# Brake Controller Problem



## aceguy (Oct 19, 2005)

Hi,

I just brought my new 25rss home and almost got whiplash. I noticed immediately taking it off the lot that any pressure on the brakes and I would instantly stop. At first I thought I just needed to adjust the brake controller, but every adjustment I made didn't seem to help. When I am driving at around 30 mph or less, even on what appears to be the lightest setting, the vehicle seems to instantly stop.

Is there something I can do to fix this or is it something more serious and I need to go back to the dealer?

The brake controller is a Valley Industries Journey HD installed by the dealership.

Thanks.


----------



## DANJOGAVINMO (Apr 17, 2004)

Wow, don't know what to tell you really. I'd read through the manual of the brake controller really good to make sure you understand how the settings work, etc.

If you can't get it adjusted on your own, I'd take it right back to the dealer. They should have worked with you to test it out on their lot before sending you out.

As an aside, I have never heard of that brand of brake controller before, not sure if any people have experience with it. Most people on this site rave about the Prodigy brake controller. Just my biased opinion here, but it may be worth your effort to ask the dealer to swap that brand out for the Prodigy, it may well be a malfuncitoning brake controller anyhow.

Best of luck.
Danny


----------



## drobe5150 (Jan 21, 2005)

do yourself and your family a BIG favor, dump that controller and go with the prodigy.
i know, it saved me when i suddenly had to brake hard due to some little old lady making a unsafe lane change in front of me, then slamming her brakes to make another unsafe lane change.

darrel


----------



## CamperAndy (Aug 26, 2004)

The time based controller you have is not really very good for general purpose towing. Set it not to stop hard in town and it does not stop the trailer on the highway. Set it to stop from highway speeds and it seems to want to rip the trailer off the back of the truck when you are in town.

Tell the dealer it is not an acceptable brake control and do not let him just change it out for more of the same.

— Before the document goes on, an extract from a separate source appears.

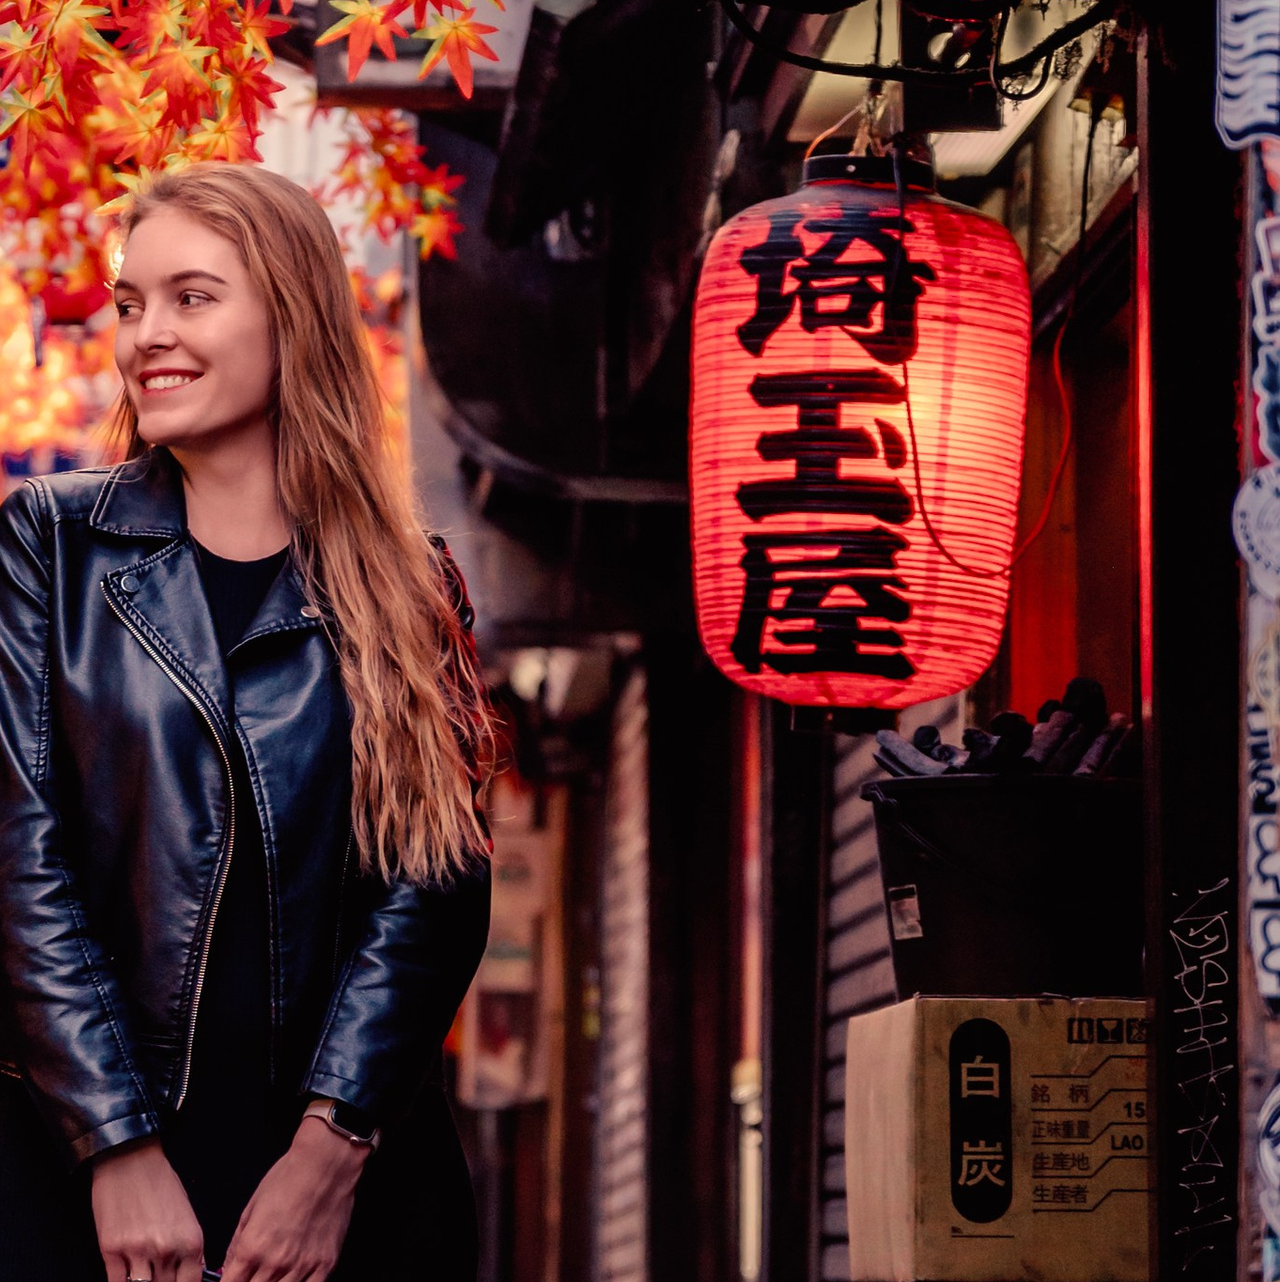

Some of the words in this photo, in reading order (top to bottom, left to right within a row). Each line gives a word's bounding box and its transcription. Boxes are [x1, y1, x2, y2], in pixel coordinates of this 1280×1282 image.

[731, 207, 935, 680] 埼玉屋
[958, 1055, 1006, 1188] 白炭

Tell him you want a Prodigy. It will cost about $30 more but it will be the best investment you can make for your driving comfort.


----------



## shaela21 (Aug 16, 2005)

I am going to chime in here because this is one thing that I feel strongly about and wish that everyone would take more seriously. There are too many cheap brake controllers out there and it is just dangerous. When I bought my PU, I did not know better and the service dude who installed my hitch installed a cheap brake controller, and it was obvious. A lot of bucking and unresponsive stops made me question the effectiveness of the unit. A few months later and a pile of education under my belt, I did get a Prodigy brake controller and it is now sweet to stop. My last trip with the Outback, somebody pulled out in front of me as I was doing about 70 km/h, and I needed to brake hard to avoid hitting her. The truck and trailer slowed down and stopped at one unit. After I unclenched the steering wheel and cleaned out my drawers, I was thankful that I had a controller that worked under any condition. 
Be safe and spend the extra $$$ to get a proper brake controller. All it takes is once and you will be glad that you had it, or wish you did.

Happy Camping.


----------



## rnameless (Jun 30, 2005)

To chime in, you would be better served with the prodigy. If they won't switch it out, tell them to give you a credit and get one on your own. If they are like most dealers, they will want top dollar for the prodigy. You should be able to get one for right around $100 or less on line. I paid $80 for mine. Got it on Ebay. Definitely worth the trouble to get one.


----------



## firemedicinstr (Apr 6, 2005)

Go with the Prodigy. Braking problems when I first started towing was the way I found this site also. IF you are having problems on dry pavement, I would not even suggest taking this out on a concrete interstate in the rain until your braking issues are solved.
I bought the prodigy in early spring, with over 1500 miles towing the Outback and an addition 1800 miles on a 6,000 lb utility trailer, I can say this is the controller to have. 
Good luck...................you will like what you learn here.

'bean


----------



## Ghosty (Jan 17, 2005)

Instead of trying to correct a probelm that may possibly come back at the worng time and get you --

I would simply tell my dealer that I want a credit for what he installed and have him apply the credit toward a Prodigy....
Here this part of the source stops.